The stalks of burdocks have grown chest-high and the plants themselves are full on burs, some of them still carrying a ring of purple bloom.
But most of them are totally ready to catch onto a passerby’s sleeve or hair. And to travel away.
Despite being such a catching nuisance, the burs are still liked by everyone. In the middle ages it was customary to present burdocks to your beloved, when you wanted to let her/him know, that you were ready to get fully attached to your sweetheart.
And you can form little bears and balls of burs. Then you can fight a war and the boys will surely enjoy throwing burs into the long hair of the girls. Sometimes you even have to cut off a tuft of hair in order to get rid of them, so you better be quick on your feet. Most likely such a bur war will eventually create some lasting friendships between “enemies”. Bur-like.

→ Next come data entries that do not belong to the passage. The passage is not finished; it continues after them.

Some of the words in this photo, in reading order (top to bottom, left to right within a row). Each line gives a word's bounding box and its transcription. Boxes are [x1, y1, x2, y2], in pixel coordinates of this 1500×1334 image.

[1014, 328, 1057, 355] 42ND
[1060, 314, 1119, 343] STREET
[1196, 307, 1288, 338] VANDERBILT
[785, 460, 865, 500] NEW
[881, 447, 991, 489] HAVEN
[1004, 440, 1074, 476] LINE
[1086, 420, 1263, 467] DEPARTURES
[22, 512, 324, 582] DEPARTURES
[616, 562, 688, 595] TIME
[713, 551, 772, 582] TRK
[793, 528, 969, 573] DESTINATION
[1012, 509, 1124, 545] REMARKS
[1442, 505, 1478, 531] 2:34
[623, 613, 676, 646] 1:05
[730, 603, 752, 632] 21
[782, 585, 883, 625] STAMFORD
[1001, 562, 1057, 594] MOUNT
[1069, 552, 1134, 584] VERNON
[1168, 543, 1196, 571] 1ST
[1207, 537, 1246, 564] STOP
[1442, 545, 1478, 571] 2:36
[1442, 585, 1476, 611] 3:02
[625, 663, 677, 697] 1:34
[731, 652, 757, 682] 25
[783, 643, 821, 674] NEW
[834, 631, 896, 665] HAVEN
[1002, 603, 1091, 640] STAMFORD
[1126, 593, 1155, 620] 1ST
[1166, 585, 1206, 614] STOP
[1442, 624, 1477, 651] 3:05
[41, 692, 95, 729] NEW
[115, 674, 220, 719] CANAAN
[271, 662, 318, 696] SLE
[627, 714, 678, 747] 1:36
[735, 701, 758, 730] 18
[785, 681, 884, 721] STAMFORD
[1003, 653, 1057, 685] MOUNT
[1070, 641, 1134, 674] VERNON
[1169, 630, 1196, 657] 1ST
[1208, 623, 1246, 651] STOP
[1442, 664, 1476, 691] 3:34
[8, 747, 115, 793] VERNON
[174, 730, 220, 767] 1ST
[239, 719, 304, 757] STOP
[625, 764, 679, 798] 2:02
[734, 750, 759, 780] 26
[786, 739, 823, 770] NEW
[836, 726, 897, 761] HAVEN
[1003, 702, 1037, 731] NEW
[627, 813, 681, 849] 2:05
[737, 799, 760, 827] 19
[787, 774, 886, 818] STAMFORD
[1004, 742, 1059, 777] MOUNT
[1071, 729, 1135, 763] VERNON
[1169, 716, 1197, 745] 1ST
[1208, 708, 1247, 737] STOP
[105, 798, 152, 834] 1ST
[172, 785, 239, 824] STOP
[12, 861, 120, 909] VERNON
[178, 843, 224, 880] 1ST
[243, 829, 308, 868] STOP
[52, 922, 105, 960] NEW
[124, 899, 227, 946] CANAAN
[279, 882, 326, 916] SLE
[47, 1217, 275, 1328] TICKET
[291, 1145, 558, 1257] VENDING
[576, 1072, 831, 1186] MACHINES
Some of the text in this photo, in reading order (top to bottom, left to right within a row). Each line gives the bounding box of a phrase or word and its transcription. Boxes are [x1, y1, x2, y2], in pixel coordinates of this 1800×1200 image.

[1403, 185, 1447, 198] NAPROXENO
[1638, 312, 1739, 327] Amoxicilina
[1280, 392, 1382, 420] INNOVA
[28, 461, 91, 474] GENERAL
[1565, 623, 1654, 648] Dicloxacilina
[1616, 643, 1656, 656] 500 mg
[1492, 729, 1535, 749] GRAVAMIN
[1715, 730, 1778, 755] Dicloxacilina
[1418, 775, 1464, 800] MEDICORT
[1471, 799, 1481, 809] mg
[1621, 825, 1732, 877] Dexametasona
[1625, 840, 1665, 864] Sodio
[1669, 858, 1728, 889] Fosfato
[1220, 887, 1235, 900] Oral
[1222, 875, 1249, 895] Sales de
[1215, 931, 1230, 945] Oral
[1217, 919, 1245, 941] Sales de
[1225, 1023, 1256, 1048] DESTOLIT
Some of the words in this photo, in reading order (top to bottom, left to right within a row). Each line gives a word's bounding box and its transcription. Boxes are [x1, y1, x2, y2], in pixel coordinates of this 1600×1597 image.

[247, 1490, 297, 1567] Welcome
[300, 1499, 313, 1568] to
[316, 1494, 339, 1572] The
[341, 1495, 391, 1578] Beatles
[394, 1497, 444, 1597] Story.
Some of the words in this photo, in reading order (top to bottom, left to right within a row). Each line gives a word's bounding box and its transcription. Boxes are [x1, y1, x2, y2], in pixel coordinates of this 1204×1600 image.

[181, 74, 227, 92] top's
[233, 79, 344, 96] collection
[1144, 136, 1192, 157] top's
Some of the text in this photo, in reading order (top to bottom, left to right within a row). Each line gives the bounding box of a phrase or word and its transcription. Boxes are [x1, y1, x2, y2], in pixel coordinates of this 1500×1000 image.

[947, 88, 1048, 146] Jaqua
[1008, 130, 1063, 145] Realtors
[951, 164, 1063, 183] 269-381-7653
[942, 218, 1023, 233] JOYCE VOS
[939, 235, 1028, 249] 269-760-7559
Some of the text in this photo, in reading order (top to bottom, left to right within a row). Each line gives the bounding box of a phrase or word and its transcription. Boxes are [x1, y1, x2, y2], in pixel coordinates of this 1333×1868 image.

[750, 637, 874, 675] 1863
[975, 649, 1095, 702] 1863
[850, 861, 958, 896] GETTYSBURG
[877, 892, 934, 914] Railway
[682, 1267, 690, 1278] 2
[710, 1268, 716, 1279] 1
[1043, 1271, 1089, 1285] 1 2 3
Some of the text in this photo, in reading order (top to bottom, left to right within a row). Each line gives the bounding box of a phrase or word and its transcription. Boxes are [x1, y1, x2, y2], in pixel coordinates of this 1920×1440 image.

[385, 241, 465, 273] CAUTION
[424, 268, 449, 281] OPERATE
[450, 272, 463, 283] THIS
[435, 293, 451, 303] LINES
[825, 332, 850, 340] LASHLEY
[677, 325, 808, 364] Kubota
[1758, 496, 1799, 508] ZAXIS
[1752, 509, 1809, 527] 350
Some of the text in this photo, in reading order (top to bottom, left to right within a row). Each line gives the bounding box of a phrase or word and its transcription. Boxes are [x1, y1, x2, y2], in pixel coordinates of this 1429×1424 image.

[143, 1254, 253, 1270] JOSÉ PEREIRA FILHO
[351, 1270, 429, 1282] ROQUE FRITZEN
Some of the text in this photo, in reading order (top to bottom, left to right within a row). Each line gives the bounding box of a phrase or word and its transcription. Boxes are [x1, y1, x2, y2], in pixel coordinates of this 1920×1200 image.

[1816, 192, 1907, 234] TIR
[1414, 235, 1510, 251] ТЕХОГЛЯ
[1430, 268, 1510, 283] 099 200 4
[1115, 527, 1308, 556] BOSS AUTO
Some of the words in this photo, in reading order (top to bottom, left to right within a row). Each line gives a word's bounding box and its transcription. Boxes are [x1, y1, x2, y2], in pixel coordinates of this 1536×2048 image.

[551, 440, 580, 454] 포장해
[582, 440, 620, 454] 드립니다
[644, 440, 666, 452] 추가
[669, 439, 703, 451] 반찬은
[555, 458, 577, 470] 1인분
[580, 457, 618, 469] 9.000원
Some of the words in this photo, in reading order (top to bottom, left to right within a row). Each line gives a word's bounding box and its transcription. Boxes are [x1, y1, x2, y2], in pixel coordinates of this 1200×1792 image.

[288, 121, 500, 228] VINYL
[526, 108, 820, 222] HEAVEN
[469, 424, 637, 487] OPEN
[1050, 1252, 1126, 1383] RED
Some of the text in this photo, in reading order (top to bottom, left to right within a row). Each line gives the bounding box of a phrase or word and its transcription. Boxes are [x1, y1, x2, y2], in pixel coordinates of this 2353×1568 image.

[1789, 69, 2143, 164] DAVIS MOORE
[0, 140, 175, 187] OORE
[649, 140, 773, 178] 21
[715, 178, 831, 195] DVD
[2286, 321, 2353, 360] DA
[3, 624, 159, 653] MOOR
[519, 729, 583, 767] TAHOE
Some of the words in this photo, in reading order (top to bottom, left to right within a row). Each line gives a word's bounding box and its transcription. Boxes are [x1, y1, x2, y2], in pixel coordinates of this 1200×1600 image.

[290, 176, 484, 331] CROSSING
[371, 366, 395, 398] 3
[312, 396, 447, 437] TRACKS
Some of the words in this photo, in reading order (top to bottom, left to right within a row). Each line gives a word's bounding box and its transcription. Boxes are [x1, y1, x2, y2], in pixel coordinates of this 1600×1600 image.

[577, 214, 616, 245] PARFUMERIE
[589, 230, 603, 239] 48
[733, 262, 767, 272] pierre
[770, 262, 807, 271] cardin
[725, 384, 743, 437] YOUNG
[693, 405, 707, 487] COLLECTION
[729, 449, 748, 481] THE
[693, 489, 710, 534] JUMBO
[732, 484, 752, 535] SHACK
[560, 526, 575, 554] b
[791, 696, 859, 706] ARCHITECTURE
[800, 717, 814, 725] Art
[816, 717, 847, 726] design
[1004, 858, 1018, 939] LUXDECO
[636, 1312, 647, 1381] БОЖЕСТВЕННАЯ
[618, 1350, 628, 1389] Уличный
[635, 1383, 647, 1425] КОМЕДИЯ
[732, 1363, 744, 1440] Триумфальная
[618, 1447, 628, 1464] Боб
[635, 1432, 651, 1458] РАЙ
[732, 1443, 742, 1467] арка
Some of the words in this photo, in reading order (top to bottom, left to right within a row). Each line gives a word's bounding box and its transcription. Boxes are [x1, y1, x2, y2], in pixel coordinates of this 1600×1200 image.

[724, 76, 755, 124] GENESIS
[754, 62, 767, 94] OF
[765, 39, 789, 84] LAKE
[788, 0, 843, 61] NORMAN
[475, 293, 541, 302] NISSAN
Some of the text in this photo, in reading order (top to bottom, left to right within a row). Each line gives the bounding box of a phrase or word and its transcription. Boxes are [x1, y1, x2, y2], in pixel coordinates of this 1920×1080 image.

The medicinal plant people talk about burdocks as a special remedy for baldness, prepared from the oil pressed out of burdock seeds, but I prefer to dig out their roots late in the fall and use them in soups instead of carrots. In Japan, in the old days they were called “gobo”
and used in stews.
And did you know? In the old days it was quite important to make jam of the burdock roots. You add four teaspoons of vinegar to half a litre of water, bring it to boil and add the sliced burdock roots. After two hours of cooking your rather peculiar jam will be ready.
So, when weeding your garden in the spring, don’t immediately get rid of the burdocks. They are true “people-companions”, they love your house, growing by its walls, and they love you, creeping into your sleeves and sticking to your socks.